> REQUIREMENT
The entries that follow should be reproduced exactly, with no images carried over.

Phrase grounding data
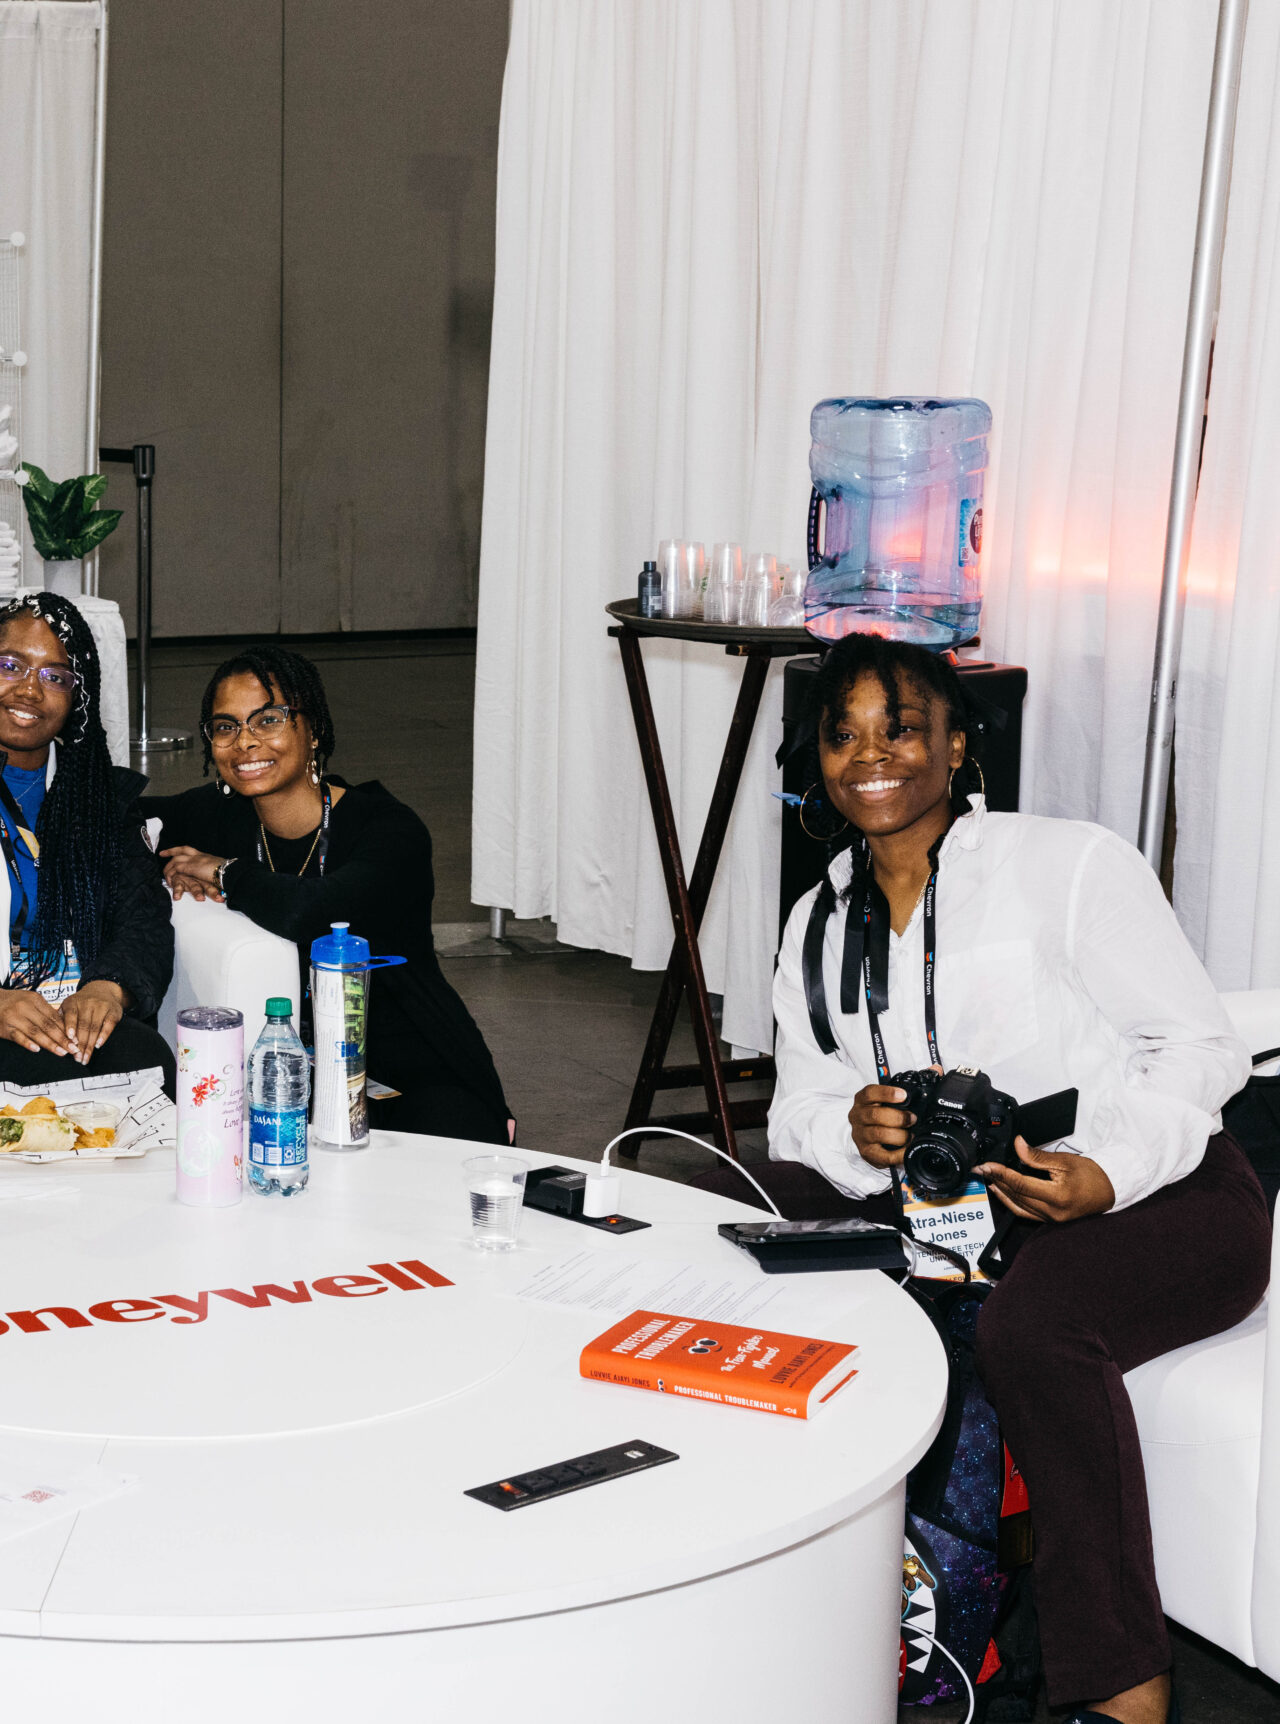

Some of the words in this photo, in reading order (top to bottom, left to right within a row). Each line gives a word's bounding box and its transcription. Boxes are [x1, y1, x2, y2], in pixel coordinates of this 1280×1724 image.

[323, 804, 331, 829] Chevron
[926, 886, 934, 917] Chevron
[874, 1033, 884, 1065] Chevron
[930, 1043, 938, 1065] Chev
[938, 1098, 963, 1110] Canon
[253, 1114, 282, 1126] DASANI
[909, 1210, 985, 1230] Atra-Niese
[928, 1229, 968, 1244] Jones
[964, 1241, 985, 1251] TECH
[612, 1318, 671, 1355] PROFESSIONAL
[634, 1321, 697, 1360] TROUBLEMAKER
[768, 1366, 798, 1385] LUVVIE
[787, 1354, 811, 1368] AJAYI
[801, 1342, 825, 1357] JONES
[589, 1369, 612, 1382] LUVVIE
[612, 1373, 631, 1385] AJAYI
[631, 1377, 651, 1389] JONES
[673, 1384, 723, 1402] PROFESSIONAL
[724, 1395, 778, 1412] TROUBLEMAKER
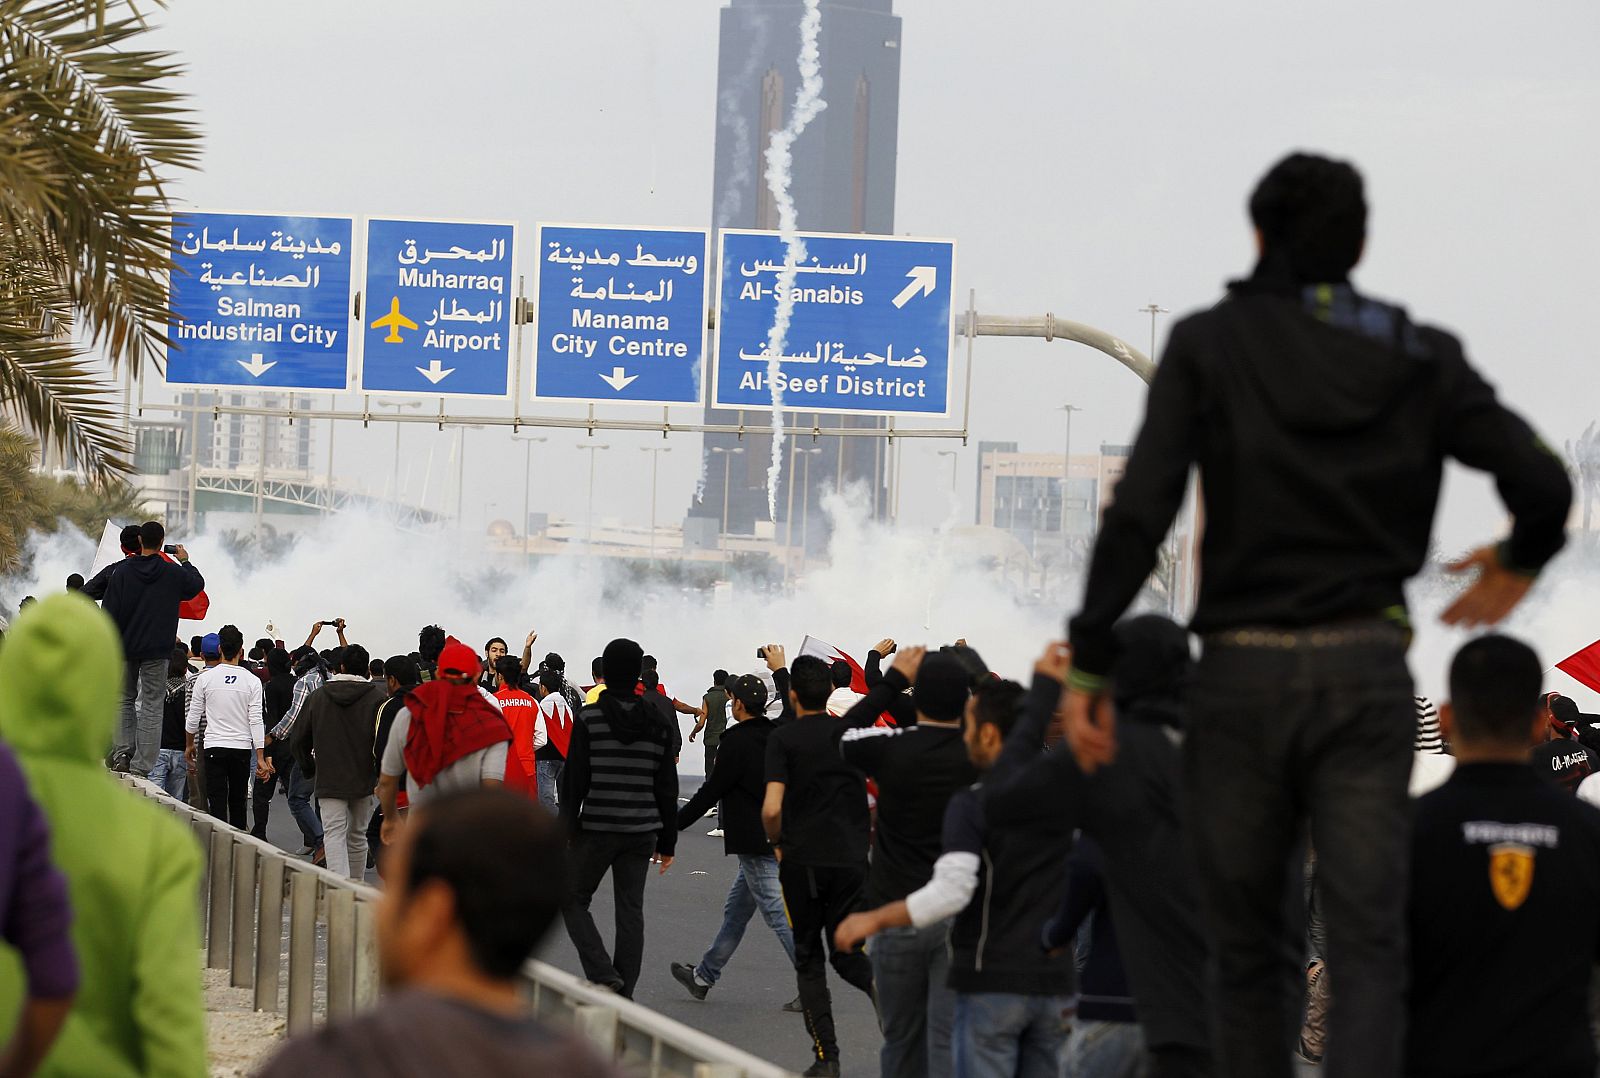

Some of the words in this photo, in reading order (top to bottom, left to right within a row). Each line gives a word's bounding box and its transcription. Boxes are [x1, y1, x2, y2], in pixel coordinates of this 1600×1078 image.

> RESULT FOR THIS EXERCISE
Some of the words in this photo, in reading order (top to bottom, left to right within a row). Each line gives a word's bounding box and its transcription. Boxes are [x1, y1, x2, y2], in pixel coordinates of this 1280×1724 image.

[323, 804, 331, 829] Chevron
[926, 886, 934, 917] Chevron
[874, 1033, 884, 1065] Chevron
[930, 1043, 938, 1065] Chev
[938, 1098, 963, 1110] Canon
[253, 1114, 282, 1126] DASANI
[909, 1210, 985, 1230] Atra-Niese
[928, 1229, 968, 1244] Jones
[964, 1241, 985, 1251] TECH
[612, 1318, 671, 1355] PROFESSIONAL
[634, 1321, 697, 1360] TROUBLEMAKER
[768, 1366, 798, 1385] LUVVIE
[787, 1354, 811, 1368] AJAYI
[801, 1342, 825, 1357] JONES
[589, 1369, 612, 1382] LUVVIE
[612, 1373, 631, 1385] AJAYI
[631, 1377, 651, 1389] JONES
[673, 1384, 723, 1402] PROFESSIONAL
[724, 1395, 778, 1412] TROUBLEMAKER

Some of the words in this photo, in reading order (top to bottom, left to right within a row). Each line gives a word's bounding box and its transcription. Boxes are [x1, y1, x2, y2], in pixel coordinates of this 1600×1078 image.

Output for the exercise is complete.